How KCL 3.x performs lease assignments

Like mentioned in the previous sections, only the leader worker regularly scans the entire lease table and assign leases in KCL 3.x. LeaseAssignmentManager class (GitHub link) performs two operations related to the lease assignment:

  • 1) Priority lease assignments: assigning unassigned leases (lease without owners) and expired leases (leases where the lease duration has elapsed).
  • 2) Lease rebalancing: shuffling leases to equalize workers utilization to achieve even distribution of load.

For non-leader workers, LeaseAssignmentManager will do nothing as the assignment will be done on the leader (GitHub code ref). Lease assignment follows a greedy algorithm, prioritizing workers with the lowest utilization. To prevent over-allocation, the assignment process considers the following:

  • Worker's current utilization
  • Existing lease throughput
  • Projected load from potential new leases
  • Number of leases held by worker

LeaseAssignmentManager iteratively assigns multiple leases per worker while maintaining balanced resource distribution based on these metrics. Throughput serves as a proxy metric to estimate the impact of lease changes on workers load (i.e., workers CPU utilization). When assigning or removing leases, KCL 3.x uses throughput data to predict how these operations will affect the overall worker utilization and use that to influence the assignment decision. The following is the detailed rebalancing process (GitHub code ref).

  1. Calculate the average worker metrics value (CPU utilization) across all workers.
  2. Compute the upper and lower limit thresholds for triggering the rebalancing. The upper and lower limits are calculated based on the average worker metrics value and reBalanceThresholdPercentage (10 by default; GitHub code ref) configuration parameter.
  • Upper limit: average worker metric * (1 + reBalanceThresholdPercentage/100).
  • Lower limit: average worker metric * (1 + reBalanceThresholdPercentage/100).
  1. Trigger a rebalancing if any workers worker metric value falls outside these limits.
  • For example, lets assume that worker A has 70% CPU utilization and worker B has 40% CPU utilization. The average worker metric is (70+40)/2 = 55%. Then, the upper limit is 55% * (1+10/100) = 60.5%, and the lower limit is 55% (1-10/100) = 49.5%. Both worker A and B are outside the upper and lower limit, hence the rebalancing will be triggered.
  1. Calculate how much load (CPU utilization) to take from the worker in out-of-range to make them back to the average CPU utilization. The load to take is calculated by subtracting the average load from the current load.
  2. Apply dampeningPercentageValue (80 by default) to the calculated load to take from the worker in out-of-range.
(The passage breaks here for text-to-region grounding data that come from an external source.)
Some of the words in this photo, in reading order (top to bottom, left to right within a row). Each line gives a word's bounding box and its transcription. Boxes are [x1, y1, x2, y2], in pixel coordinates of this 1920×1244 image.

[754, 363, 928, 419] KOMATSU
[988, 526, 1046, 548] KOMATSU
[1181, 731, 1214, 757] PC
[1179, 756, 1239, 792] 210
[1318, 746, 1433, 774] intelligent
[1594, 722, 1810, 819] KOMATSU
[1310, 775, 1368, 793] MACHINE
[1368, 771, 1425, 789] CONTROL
Dampening will prevent the excessive rebalancing that would cause oscillation and help to achieve critical damping.
  3. Calculate the throughput to take from the worker based on the dampened amount of load to take.
  4. Select and reassign specific leases matching the dampened throughput target from over-utilized worker to under-utilized workers.
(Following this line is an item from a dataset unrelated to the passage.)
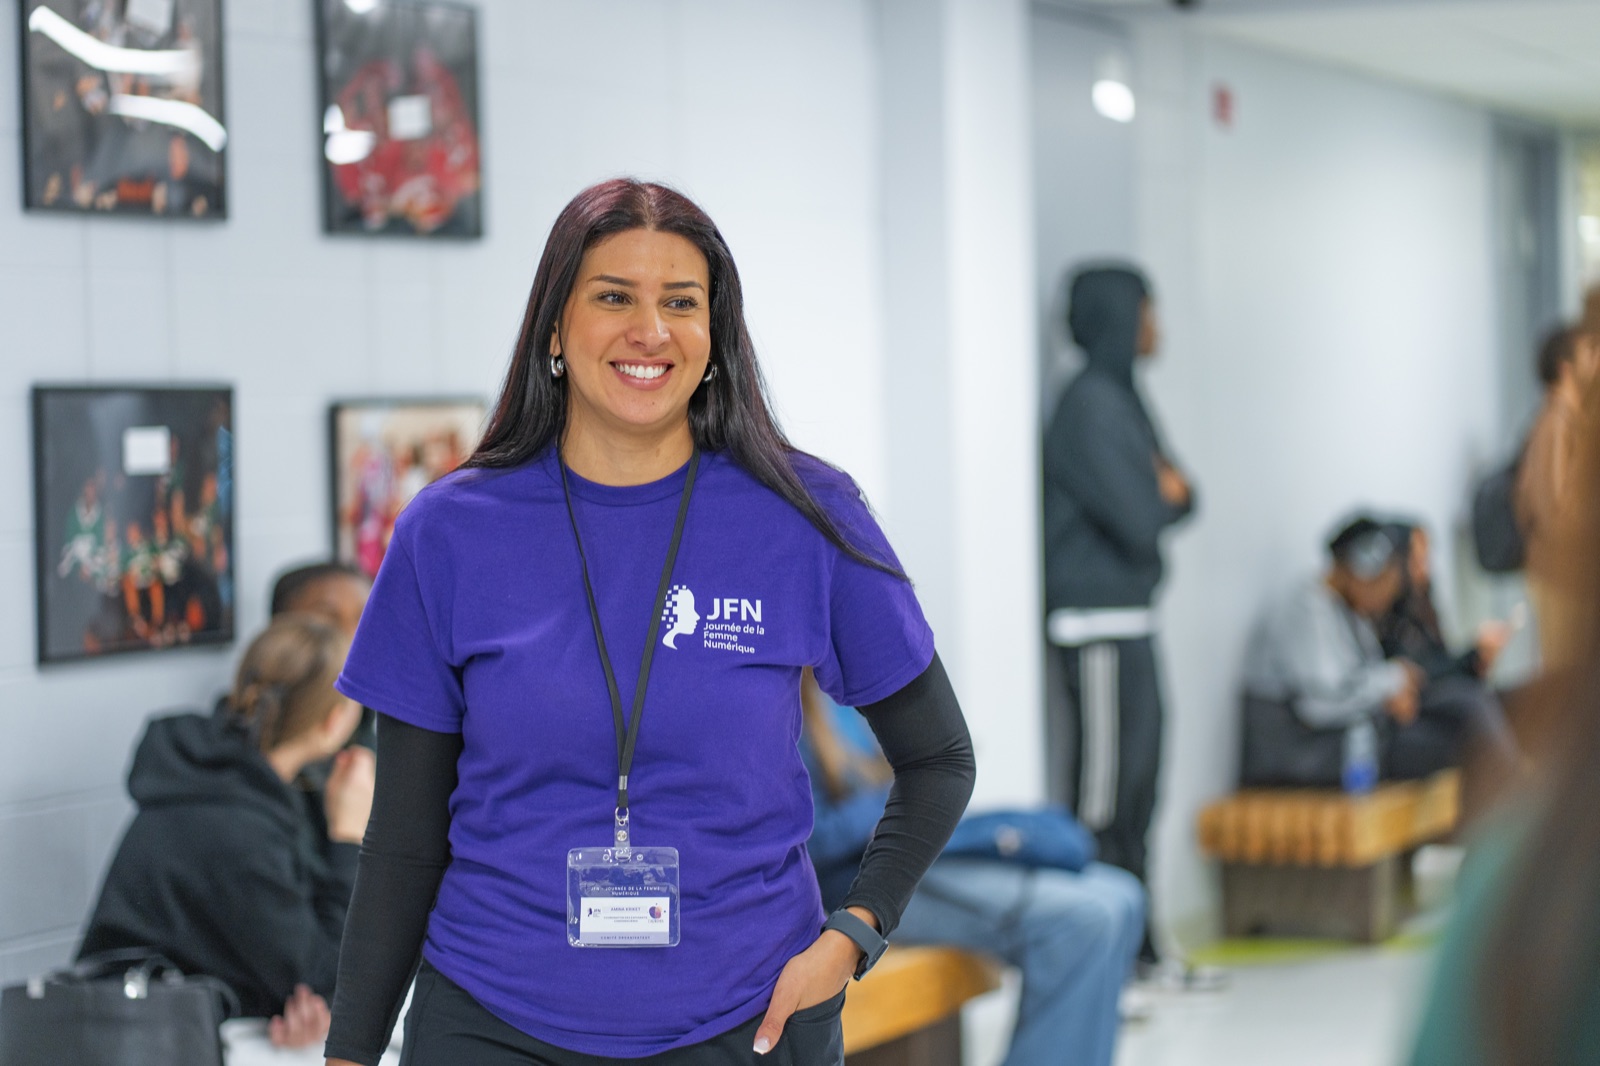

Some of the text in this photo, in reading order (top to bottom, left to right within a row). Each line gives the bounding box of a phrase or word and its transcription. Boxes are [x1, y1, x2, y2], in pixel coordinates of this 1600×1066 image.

[706, 598, 762, 623] JFN
[703, 622, 765, 635] Journée de la
[703, 630, 738, 642] Femme
[703, 639, 755, 654] Numérique
When KCL applications run on platforms that don't support CPU utilization metrics such as Windows, the system automatically falls back to a throughput-based balancing mechanism. In this fallback mode, KCL 3.x distributes leases based on shard throughput, aiming for all workers processing equal throughput of shards.
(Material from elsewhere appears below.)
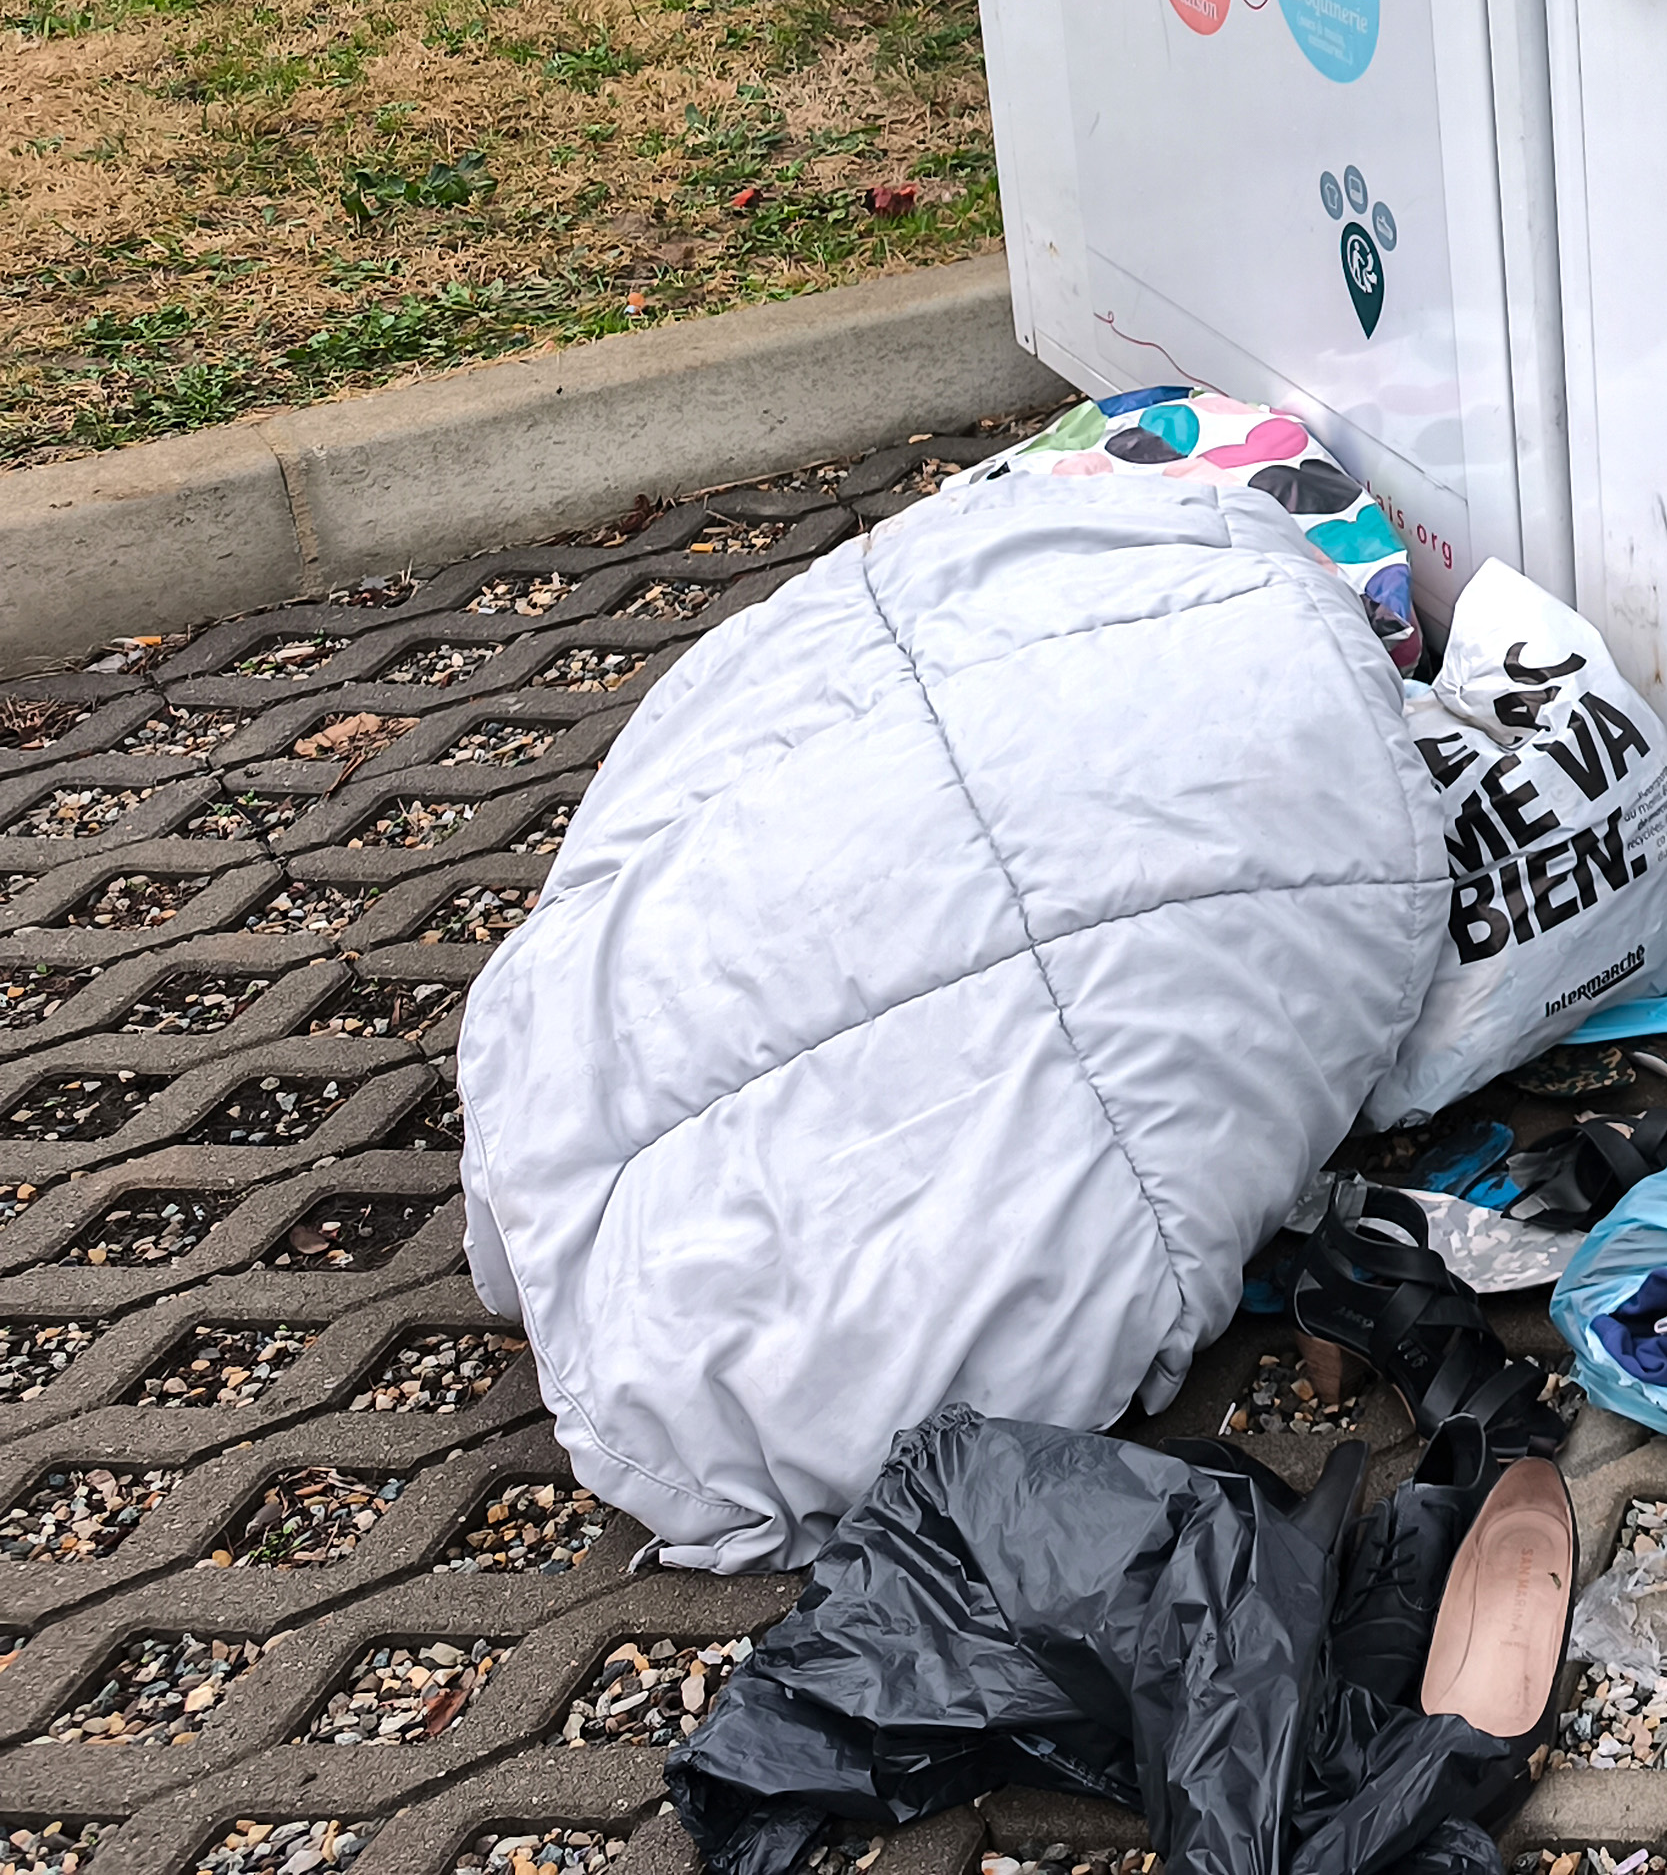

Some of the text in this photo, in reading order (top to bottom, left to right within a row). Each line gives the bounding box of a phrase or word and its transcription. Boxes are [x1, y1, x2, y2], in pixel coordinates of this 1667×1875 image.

  • reBalanceThresholdPercentage: This parameter is a percentage value that determines when the load balancing algorithm should consider reassigning shards among workers. The default value is set to 10. You can set a lower value to make your target resource utilization converge more tightly for more frequent rebalancing. If you want to avoid frequent rebalancing, you can set a higher value to loosen the rebalancing sensitivity.
  • dampeningPercentageValue: This parameter is used to achieve critical damping during reassignments. It helps prevent overly aggressive rebalancing by limiting the amount of load that can be moved in a single rebalance operation. The default value is set to 80. You can set a lower value for more gradual load balancing that minimize the oscillation. If you want to more aggressive rebalancing, you can set a higher value for quick adjustment of the load.